Robert Spykerman <robert.spykerman@[EMAIL PROTECTED]
> writes:
>On May 1, 12:30 pm, brian....@[EMAIL PROTECTED]
wrote:
>> I have been dis-assembling pieces of GForth and I don't understand why
>> it is generally faster than other ITC Forths that are written in
>> Assembler like CI-Forth or my old 16 bit HS/Forth.
It is? On what hardware? On what benchmarks? How much?
>1. As you know ciforth is really really small. I am wondering about
>cache issues. As you know a lot of modern pentia are von Neumann
>outside but actually are Harvard internally. I believe from memory the
>separate L1 data/instr caches of a CORE are 32 k bytes or something
>like that. I can't remember sizes of cache lines but as you know data
>and executable IA-32 code are definitely within this 20-30k area...

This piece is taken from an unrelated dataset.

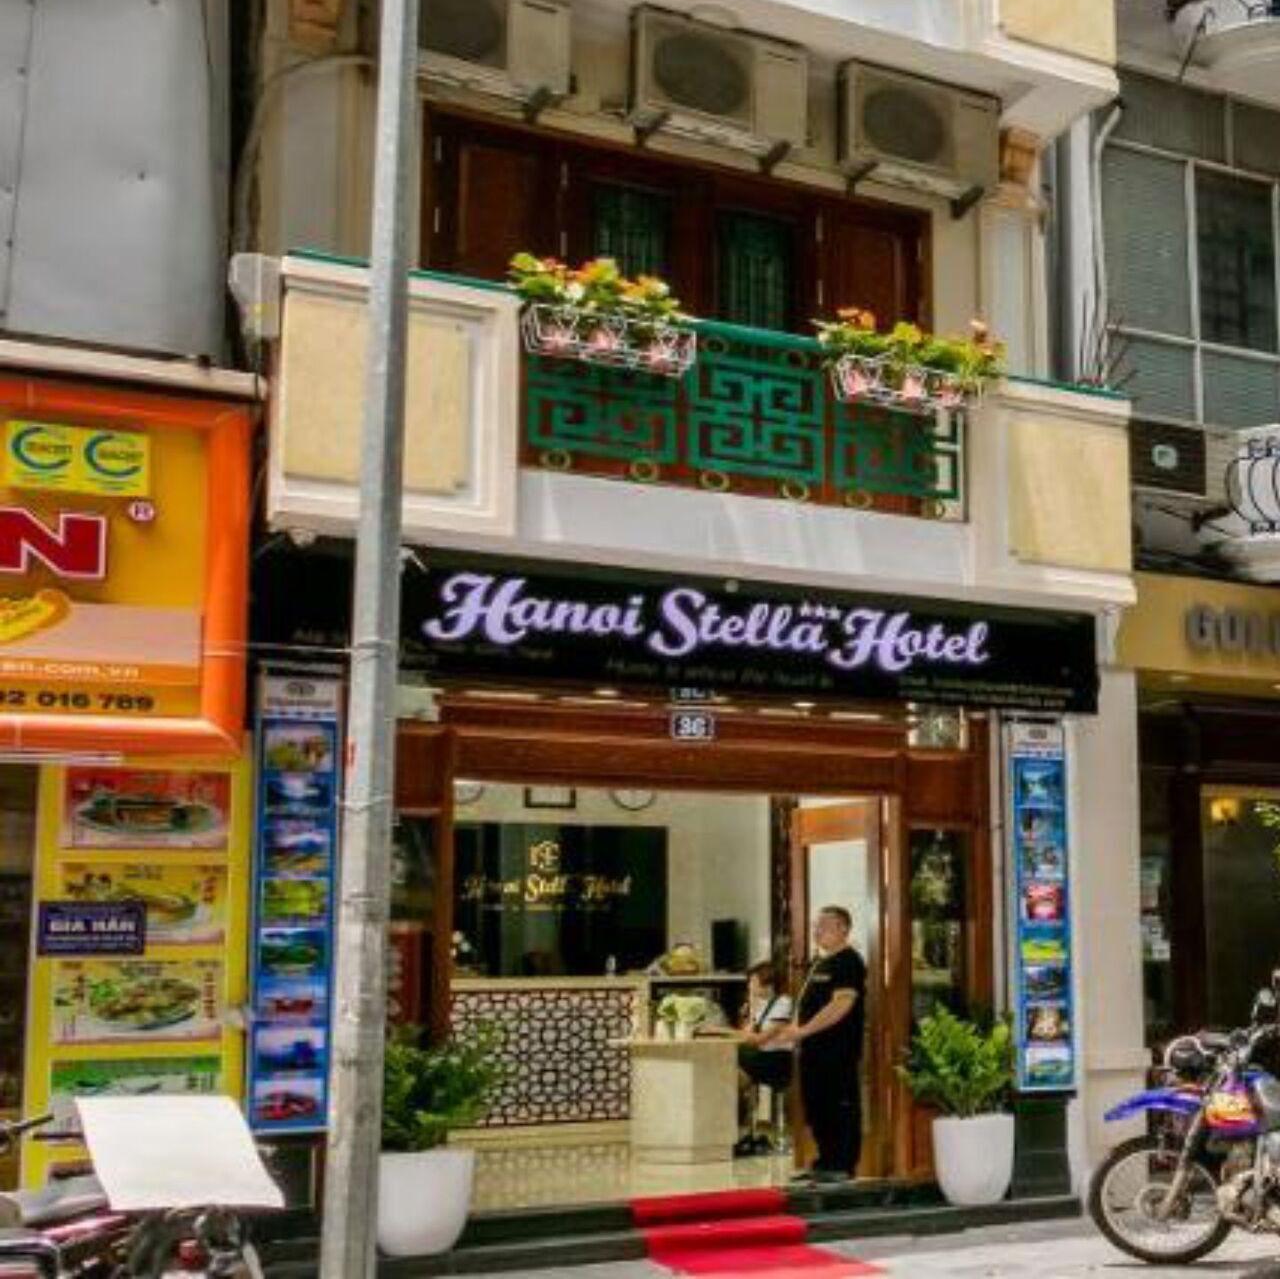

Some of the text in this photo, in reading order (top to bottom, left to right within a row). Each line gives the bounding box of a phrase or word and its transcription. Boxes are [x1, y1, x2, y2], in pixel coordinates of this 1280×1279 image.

Yes, cache consistency issues are usually a good candidate for
explaining unexpected slowdowns. However, I would not expect that to
play a significant role with ITC on modern CPUs (it is pretty bad with
traditional ITC on Pentium, Pentium MMX, and K6 series CPUs).
Modern CPUs only suffer from writes in the same consistency region
that code resides in. The size of the consistency region is 64 Bytes
for the K7/K8/K10, AFAIK 32 Bytes on the Pentium Pro ... Pentium 3,
Pentium M, Core, and Core 2 family, and 1KB on the Pentium 4. So one
would have to place frequently-written variables or buffers pretty
close to primitives to get hit by that.
One can measure that by using performance counters and looking at the
I-cache and D-cache misses.
>2. Most of ciforth is actually written in forth. I wonder if it's the
>same in gforth.
Apart from about 300 primitives, yes, it's the same. Hmm, the
additional primitives may be helpful for the prediction accuracy of
the indirect JMP. This can also be checked with performance counters.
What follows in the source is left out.